Theorem on the distribution of prime numbers

In ordinary language, this can be stated as follows: “When x moves to infinity, the distribution function of primes π (x) will approach the function x/ln (x)”. In other words, if you get far enough, and the graph of the distribution of primes rises to a very high number x , then dividing x by the natural logarithm of x ratio these two functions will tend to 1. The following graph shows two functions for x = 1000:


The distribution function of prime numbers π (x) and an approximate estimate by the theorem on the distribution of prime numbers up to x = 1000

From the point of view of probabilities, the theorem on the distribution of prime numbers says that if you randomly choose a positive integer x, then the probability P (x) that this number is prime is approximately equal to 1/ln (x). This means that the average gap between consecutive primes among the first x integer values ​​is approximately equal to ln (x).

Integral logarithm


The function Li (x) is defined for all positive real numbers, except x = 1. It is given by the integral from 2 to x :


Integral representation of the integral logarithm function

By plotting this function next to the distribution function of primes and the formula from the theorem on the distribution of primes, we see that Li (x) is actually a better approximation than x/ln (x):


The integral logarithm of Li (x) , the distribution function of the prime numbers π (x) and x/ln (x) on the same graph

To find out how much better this approximation is, we can build a table with large values ​​of x, the number of primes to x and the magnitude of the error between the old (theorem on the distribution of prime numbers) and the new (integral logarithm) functions:


The number of primes to a given power of tens and the corresponding errors for the two approximations

As can be easily seen, the integral logarithm is much better in approximation than the function from the theorem on the distribution of prime numbers; it “made a mistake” upward by only 314,890 primes for x = 10 to the power of 14. However, both functions converge to prime distribution functions π (x). Li (x) converges much faster, but as x tends to infinity, the relationship between the prime number distribution function and the functions Li (x) and x/ln (x) approaches 1. We show this clearly:


The convergence of the relations of two approximate values ​​and the distribution function of primes to 1 with x = 10,000

Gamma function


The gamma function Γ (z) has become an important object of study since when, in the 1720s, Daniel Bernoulli and Christian Goldbach investigated the problem of generalizing the factorial function to non-integer arguments. This is a generalization of the factorial function n ! (1 x 2 x 3 x 4 x 5 x .... n ), shifted down by 1:


Gamma function defined for z

Her schedule is very curious:


Graph of gamma function Γ (z) in the interval -6 ≤ z ≤ 6

The gamma function Γ (z) is defined for all complex values ​​of z greater than zero. As you probably know, complex numbers are a class of numbers with the imaginary part , written as Re ( z ) + Im ( z ), where Re ( z ) is the real part (the usual real number), and Im ( z ) is the imaginary part, denoted by the letter i . A complex number is usually written as z = σ + it , where sigma σ is the real part, and i is the imaginary part. Complex numbers are useful in that they allow mathematicians and engineers to work with tasks that are inaccessible to ordinary real numbers. In graphic form, complex numbers expand a traditional one-dimensional numerical straight line into a two-dimensional numerical plane, called the complex plane , in which the real part of the complex number is deposited along the x axis, and the imaginary part along the y axis.

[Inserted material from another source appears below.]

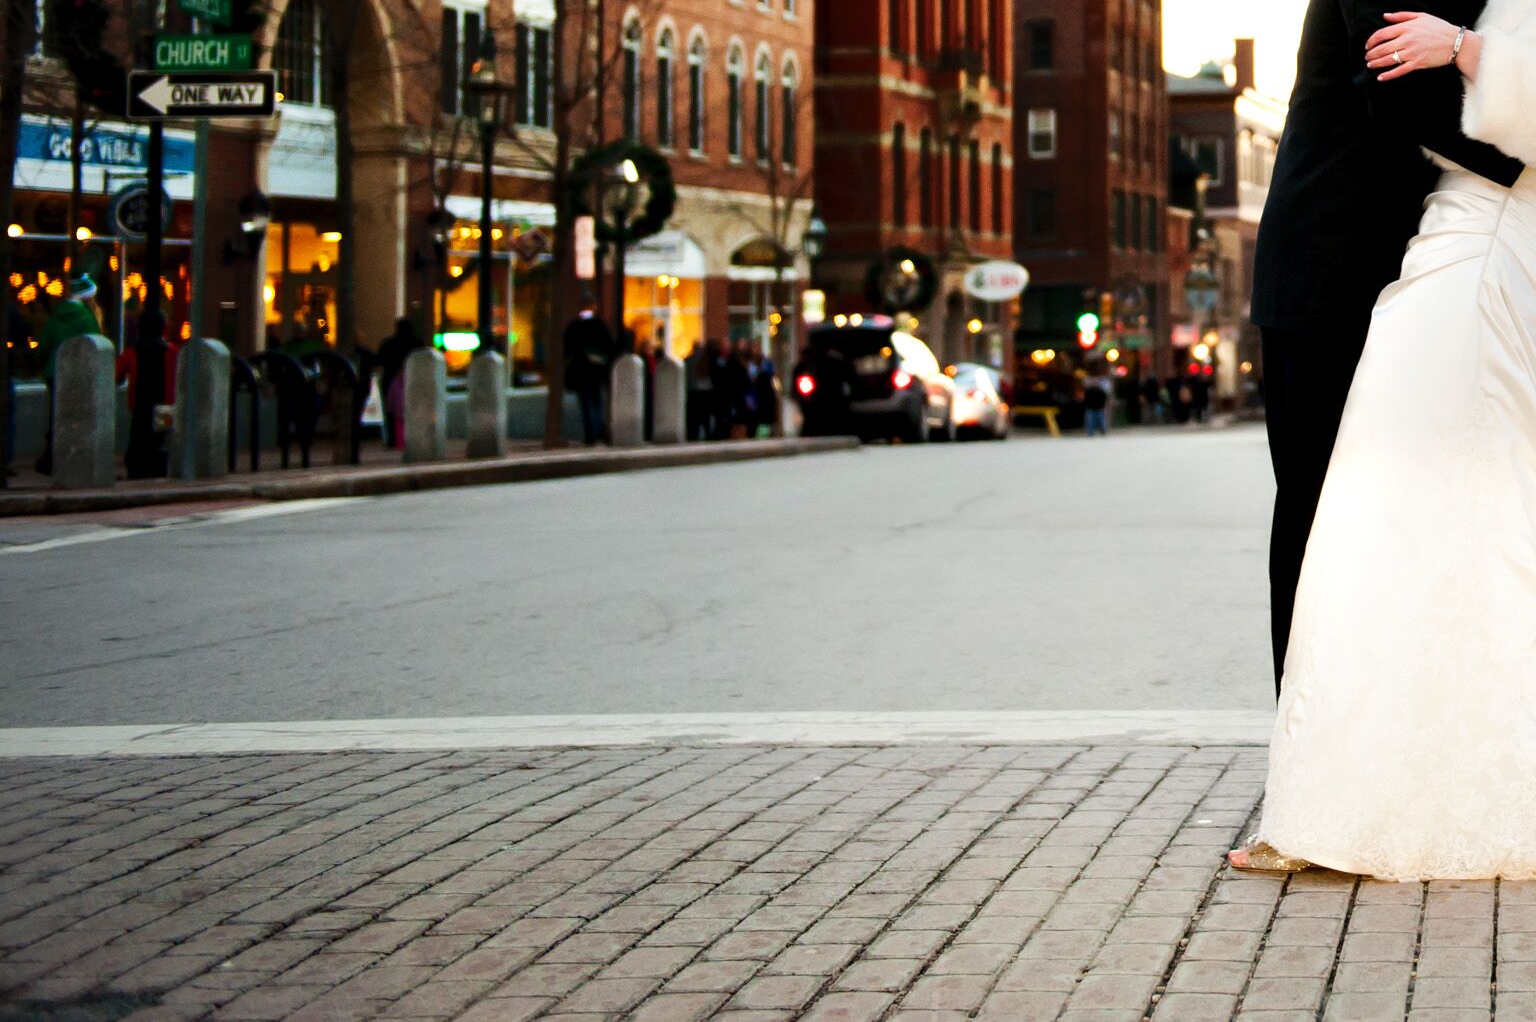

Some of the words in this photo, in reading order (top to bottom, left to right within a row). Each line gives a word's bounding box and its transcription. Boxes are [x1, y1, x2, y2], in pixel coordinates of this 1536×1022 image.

[155, 40, 229, 66] CHURCH
[171, 84, 209, 103] ONE
[217, 84, 257, 102] WAY

So that the gamma function Γ (z) can be used, it is usually rewritten as


Functional coupling of the gamma function Γ (z)

With this equation, we can get values ​​for z below zero. However, it does not give values ​​for negative integers, because they are not defined (formally, they are degeneracies or simple poles).

Zeta and Gamma


The connection between the zeta function and the gamma function is given by the following integral:




Riemann Zeta Function


After reviewing all the necessary fundamental resources, we can finally begin to establish a connection between prime numbers and the Riemann hypothesis.

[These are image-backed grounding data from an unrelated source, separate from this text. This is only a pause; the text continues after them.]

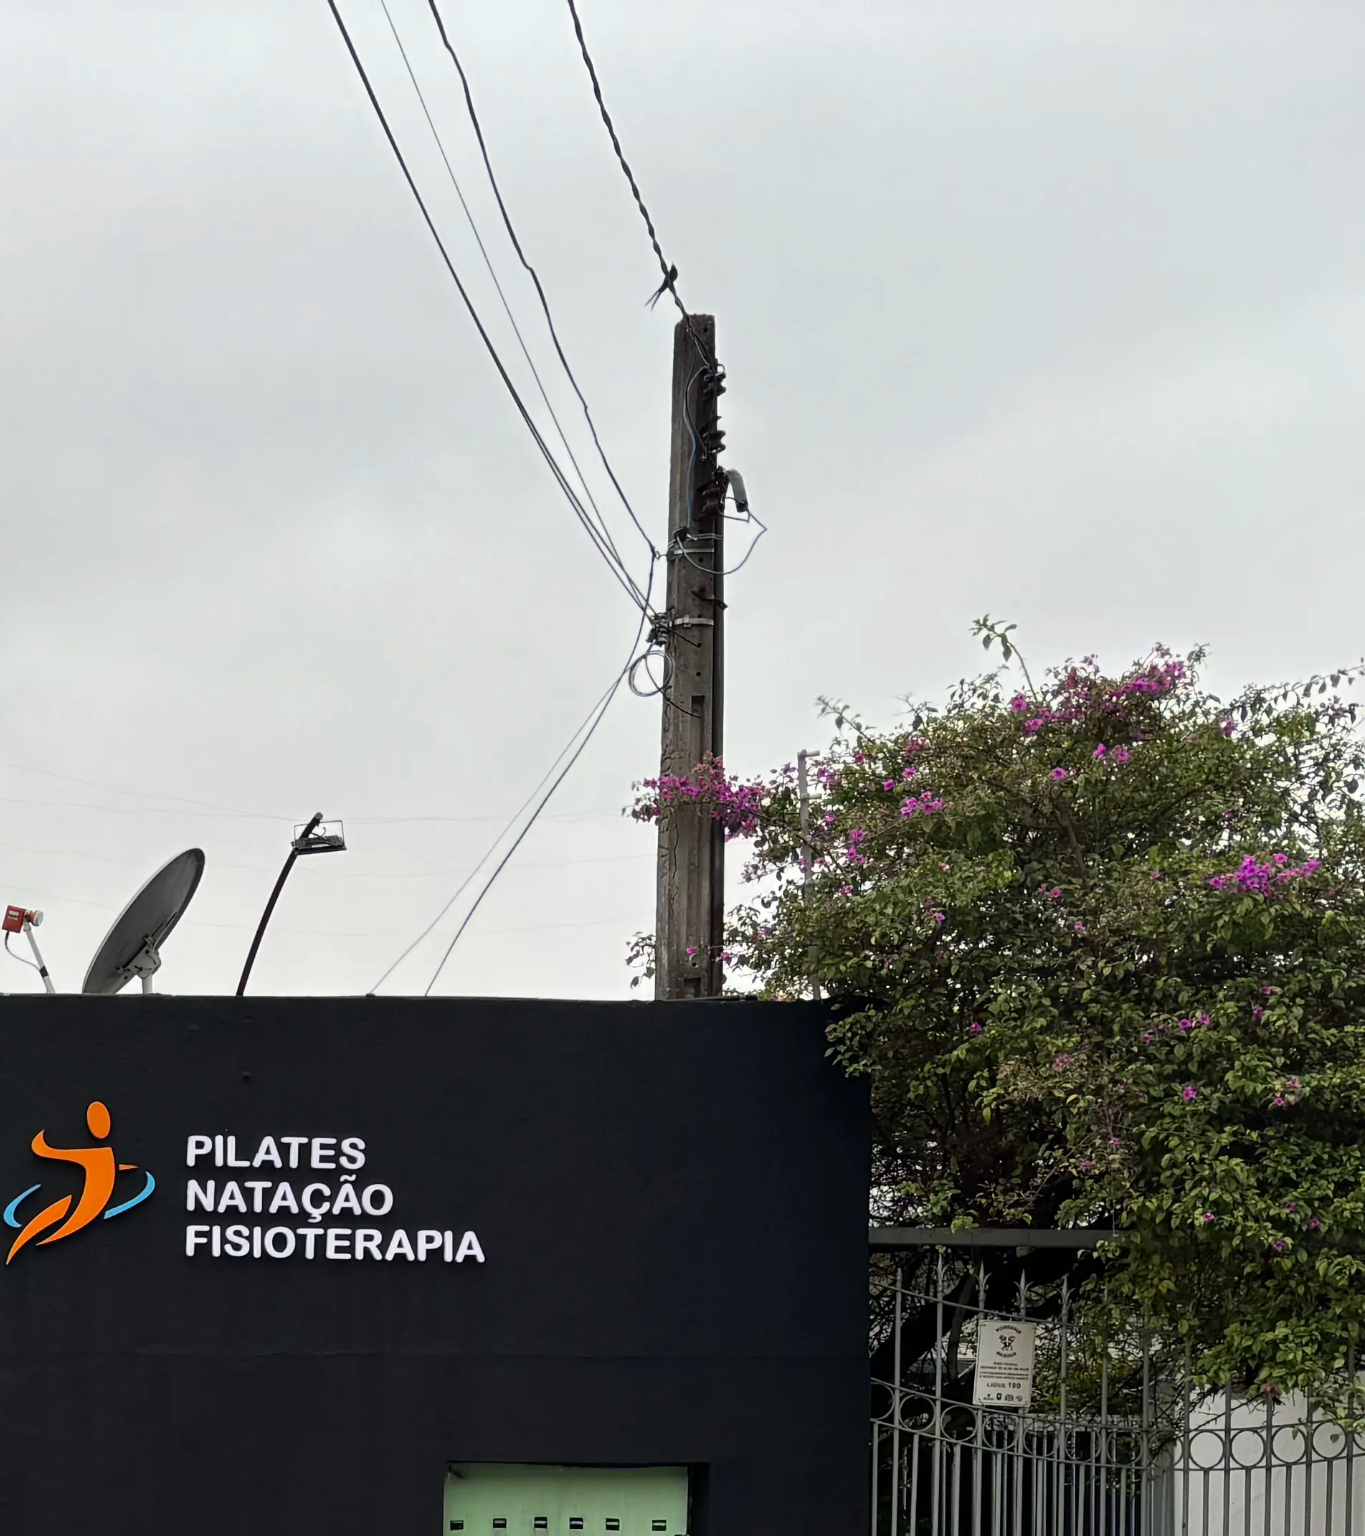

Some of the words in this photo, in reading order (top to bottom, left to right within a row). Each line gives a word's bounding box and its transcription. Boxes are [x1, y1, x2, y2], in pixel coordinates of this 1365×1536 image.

[186, 1135, 366, 1170] PILATES
[186, 1174, 394, 1223] NATAÇÃO
[185, 1225, 486, 1263] FISIOTERAPIA
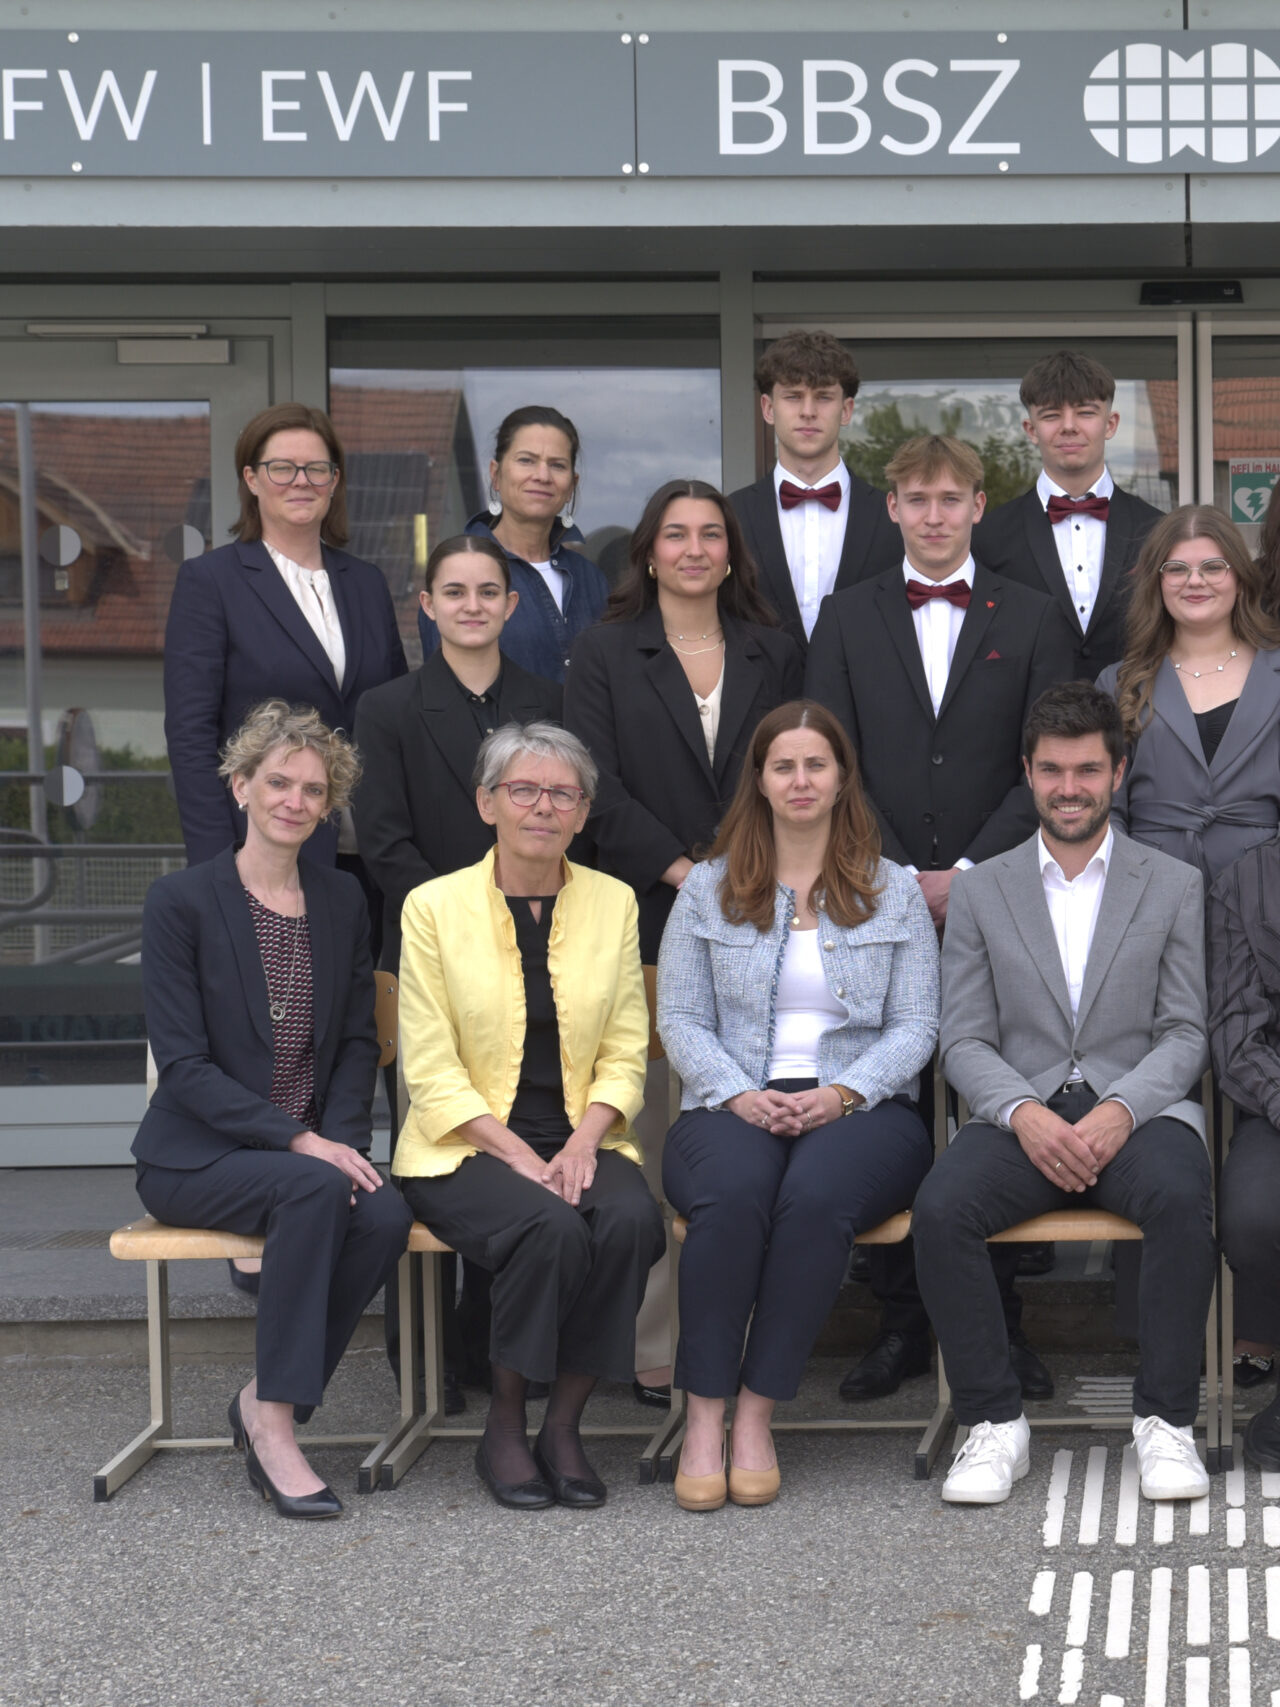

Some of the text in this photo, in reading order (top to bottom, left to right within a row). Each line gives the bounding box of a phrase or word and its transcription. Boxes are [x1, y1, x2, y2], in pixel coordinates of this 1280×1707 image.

[2, 69, 157, 141] FW
[260, 70, 473, 141] EWF
[718, 59, 1021, 156] BBSZ
[1231, 463, 1250, 474] DEFI
[1253, 462, 1263, 473] im

German mathematician Bernhard Riemann was born in 1826 in Brezelents. As a student of Gauss, Riemann published work in the field of mathematical analysis and geometry. It is believed that he made the greatest contribution in the field of differential geometry, where he laid the foundation for the geometry language, later used by Einstein in the general theory of relativity.


His only work in number theory, the 1859 paper Ueber die Anzahl der Primzahlen unter einer gegebenen Grösse (“On primes less than a given value”) is considered the most important article in this area of ​​mathematics.A total of four pages he outlined:

  • The definition of the Riemann zeta function ζ (s) is a zeta function with complex values;
  • Analytical continuation of the zeta function to all complex numbers s ≠ 1;
  • The definition of the x-function of the Riemann ξ (s) is an entire function associated with the zeta function of the Riemann through the gamma function;
  • Two proofs of the functional equation of the Riemann zeta function;
  • Determining the distribution function of Riemann prime numbers J (x) using the prime distribution function and the Möbius function;
  • Explicit formula for the number of primes less than a given number using the distribution function of Riemann prime numbers, defined using nontrivial zeros of the Riemann zeta function.

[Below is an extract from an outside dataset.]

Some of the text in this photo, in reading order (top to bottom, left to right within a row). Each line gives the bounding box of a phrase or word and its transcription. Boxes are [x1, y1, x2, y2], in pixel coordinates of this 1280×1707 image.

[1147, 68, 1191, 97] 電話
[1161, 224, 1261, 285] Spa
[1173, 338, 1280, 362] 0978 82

This is an incredible example of ingenuity and creative thinking, the likes of which have probably not been seen since. Totally awesome work.

Riemann Zeta Function


We have seen the close connection between primes and the zeta function shown by Euler in his work. However, with the exception of this connection, little was known about their relationship, and in order to show them, it took the invention of complex numbers.

Riemann was the first to consider the zeta function ζ (s) for the complex variable s , where s = σ + i t.


The Riemann zeta function for n, where s = σ + it is a complex number, in which σ and t are real numbers.

This infinite series, called the Riemann zeta function ζ (s), is analytic (that is, it has definable values) for all complex numbers with a real part greater than 1 (Re (s) & gt; 1). In this domain, it converges absolutely .

To analyze a function in domains outside the usual domain of convergence (when the real part of the complex variable s is greater than 1), the function needs to be redefined. Riemann successfully coped with this by performing a analytic continuation to an absolutely convergent function on the half-plane Re (s) & gt; 0.


The rewritten form of the Riemann zeta function, where {x} = x - | x |

This new definition of the zeta function is analytic in any part of the half-plane Re (s) & gt; 0, except for s = 1, where it is a degeneracy/simple pole. In this domain, it is called an meromorphic function , because it is holomorphic (complexly differentiable in a neighborhood of each point in the domain of its definition), except for the simple pole s = 1. In addition it is an excellent example of the Dirichlet L-function .

In his article, Riemann did not stop at that. He switched to analytic continuation of his zeta function ζ (s) to the whole complex plane, using the gamma function Γ (z). In order not to complicate the post, I will not give these calculations, but I highly recommend that you look at them yourself to be sure of the amazing intuition and skill of Riemann.

His method uses the integral representation of the gamma Γ (z) for complex variables and the Jacobi theta function ϑ (x), which can be rewritten in such a way that the zeta function appears. Deciding on zeta, we get:


The functional zeta equation for the entire complex plane except for two degeneracies with s = 0 and s = 1

In this form, we notice that the term ψ (s) decreases faster than any power of x, which means that the integral converges to all values ​​of s.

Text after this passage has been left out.